Caligula vol 1 s/c back

David Lapham & German Nobile

Price:  £14.99

Page 45 Review by Stephen

Oookaaay, no sample copy on the shelves for this one! They’re all firmly bagged and tightly sealed: please bring to the counter if you want a gander within and your voice has actually broken.

How can one possibly match the depravity of sex-strewn zombie comic CROSSED? You get SILVERFISH’s David Lapham to write the fully authorised biography of Emperor Caligula, and you just ask him to tell it like it was. No, that’s not what it is. No messing about with the lunatic’s formative years, it’s straight to gang-rape and pillage as teenaged Junius returns from selling his olive oil at market to find his homestead confiscated, his family mutilated and his mother… Look, did we really need to see that? Junius sets out in search of revenge, which is a pretty tall order if your target is the Emperor of Rome, so it’s time for some rest and reconnaissance. Following some guardsmen as they come off duty leads Junius to discovering them cumming off-duty down at the local bathhouse, but at least that gives Junius something to play with and by the time the opening episode closes his olive oil is no longer extra-virgin.

Some of you are going to find this almost as hard to swallow as Junius does, and if you think my language is strong, I’m just trying to reflect the contents which escalate in their depravity as Junius finds himself on the turbulent inside desperately wanting out, but refusing to give up on his increasingly corrupted craving for revenge.

It is horrific, but also far more impressive and imaginative than the initial premise suggests, for what Lapham’s done is twisted known history (and a certain degree of invention) on a diseased, demonic spike. Have you ever wondered why Caligula made his horse a Senator? All really isn’t as it seems. You’ll witness amphitheatre bloodbaths with bull-headed gladiators meting out gut-strewn injustice Wolverine-style complete with braced, metal claws to families randomly chosen by the fear-intoxicated Emperor; sadistic sexual role-playing forced on groups of Senators and their wives; violations of every kind imaginable. Let me be plain: this makes Alan Moore’s NEONOMICON look tame.

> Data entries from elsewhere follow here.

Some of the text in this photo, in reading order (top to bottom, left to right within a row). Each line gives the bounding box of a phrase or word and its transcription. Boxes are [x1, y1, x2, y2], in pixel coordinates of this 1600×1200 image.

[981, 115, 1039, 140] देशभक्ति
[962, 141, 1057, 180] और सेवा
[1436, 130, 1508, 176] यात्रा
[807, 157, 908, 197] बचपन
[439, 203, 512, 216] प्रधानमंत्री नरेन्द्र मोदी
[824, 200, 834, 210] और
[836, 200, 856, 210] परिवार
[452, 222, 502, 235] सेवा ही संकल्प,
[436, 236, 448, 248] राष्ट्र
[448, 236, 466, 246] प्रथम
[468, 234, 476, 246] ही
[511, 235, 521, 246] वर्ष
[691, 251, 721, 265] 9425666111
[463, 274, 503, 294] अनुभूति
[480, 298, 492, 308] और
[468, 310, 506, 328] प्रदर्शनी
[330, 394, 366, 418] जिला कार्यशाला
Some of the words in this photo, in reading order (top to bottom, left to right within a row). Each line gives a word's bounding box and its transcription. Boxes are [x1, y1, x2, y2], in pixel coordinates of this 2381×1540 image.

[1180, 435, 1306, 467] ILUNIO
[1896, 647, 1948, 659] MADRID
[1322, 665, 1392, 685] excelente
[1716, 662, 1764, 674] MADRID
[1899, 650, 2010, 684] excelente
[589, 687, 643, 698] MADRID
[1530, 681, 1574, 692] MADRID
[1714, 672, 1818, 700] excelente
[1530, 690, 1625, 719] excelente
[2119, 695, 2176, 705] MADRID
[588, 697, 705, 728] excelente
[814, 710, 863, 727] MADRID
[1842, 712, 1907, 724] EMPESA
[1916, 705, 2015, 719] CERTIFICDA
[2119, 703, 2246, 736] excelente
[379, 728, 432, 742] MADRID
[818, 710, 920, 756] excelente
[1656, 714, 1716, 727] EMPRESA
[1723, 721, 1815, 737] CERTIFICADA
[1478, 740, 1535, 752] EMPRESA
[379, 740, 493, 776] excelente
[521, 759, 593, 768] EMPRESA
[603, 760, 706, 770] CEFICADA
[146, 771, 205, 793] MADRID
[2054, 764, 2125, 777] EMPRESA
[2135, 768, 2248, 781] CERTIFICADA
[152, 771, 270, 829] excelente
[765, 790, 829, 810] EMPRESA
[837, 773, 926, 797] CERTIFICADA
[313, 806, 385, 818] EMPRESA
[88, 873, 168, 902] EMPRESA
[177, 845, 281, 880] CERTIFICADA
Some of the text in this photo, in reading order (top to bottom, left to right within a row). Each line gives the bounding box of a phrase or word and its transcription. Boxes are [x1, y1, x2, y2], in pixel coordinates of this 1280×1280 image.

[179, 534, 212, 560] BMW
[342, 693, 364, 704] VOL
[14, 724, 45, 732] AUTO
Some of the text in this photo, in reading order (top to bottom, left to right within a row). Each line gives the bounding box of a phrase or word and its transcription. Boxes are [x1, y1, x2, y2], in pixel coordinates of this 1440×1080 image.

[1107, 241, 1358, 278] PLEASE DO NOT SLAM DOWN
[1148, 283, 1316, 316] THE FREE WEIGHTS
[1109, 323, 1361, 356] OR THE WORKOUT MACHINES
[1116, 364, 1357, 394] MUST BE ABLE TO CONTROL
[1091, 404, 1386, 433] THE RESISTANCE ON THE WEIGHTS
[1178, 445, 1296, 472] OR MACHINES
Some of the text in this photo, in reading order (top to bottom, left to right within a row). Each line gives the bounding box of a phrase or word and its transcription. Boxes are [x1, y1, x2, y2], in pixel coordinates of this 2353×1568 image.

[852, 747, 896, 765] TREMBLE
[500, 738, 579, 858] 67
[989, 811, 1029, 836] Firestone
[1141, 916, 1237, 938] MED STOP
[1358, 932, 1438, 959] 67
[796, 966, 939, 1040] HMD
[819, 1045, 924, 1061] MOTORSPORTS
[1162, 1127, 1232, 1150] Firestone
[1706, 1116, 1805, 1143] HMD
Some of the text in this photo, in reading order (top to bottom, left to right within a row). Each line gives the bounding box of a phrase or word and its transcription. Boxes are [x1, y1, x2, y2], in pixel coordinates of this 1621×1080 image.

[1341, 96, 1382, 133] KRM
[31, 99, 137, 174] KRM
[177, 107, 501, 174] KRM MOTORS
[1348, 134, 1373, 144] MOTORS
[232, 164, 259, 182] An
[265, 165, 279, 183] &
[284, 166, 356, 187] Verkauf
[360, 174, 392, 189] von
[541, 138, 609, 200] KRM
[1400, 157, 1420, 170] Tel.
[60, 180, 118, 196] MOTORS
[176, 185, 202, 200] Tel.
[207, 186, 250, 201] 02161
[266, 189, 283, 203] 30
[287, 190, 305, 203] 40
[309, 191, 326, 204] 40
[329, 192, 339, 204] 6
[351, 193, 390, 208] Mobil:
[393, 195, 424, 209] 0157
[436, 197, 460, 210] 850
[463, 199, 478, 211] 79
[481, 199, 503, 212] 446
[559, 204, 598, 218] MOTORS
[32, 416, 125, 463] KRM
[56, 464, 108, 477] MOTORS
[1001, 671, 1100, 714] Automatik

German Nobile’s painted art is perfect for the project. It’s volcanically ugly in the best way possible, the fetid light almost extinguished as if by the depravity depicted. The chariot races are as terrific as they are horrific as they are insane, and his ebony horse is terrifying. And all the while Caligula’s eyes blaze with a madness beyond comprehension, his mouth sneering with contempt for those begging for a mercy which simply does not exist.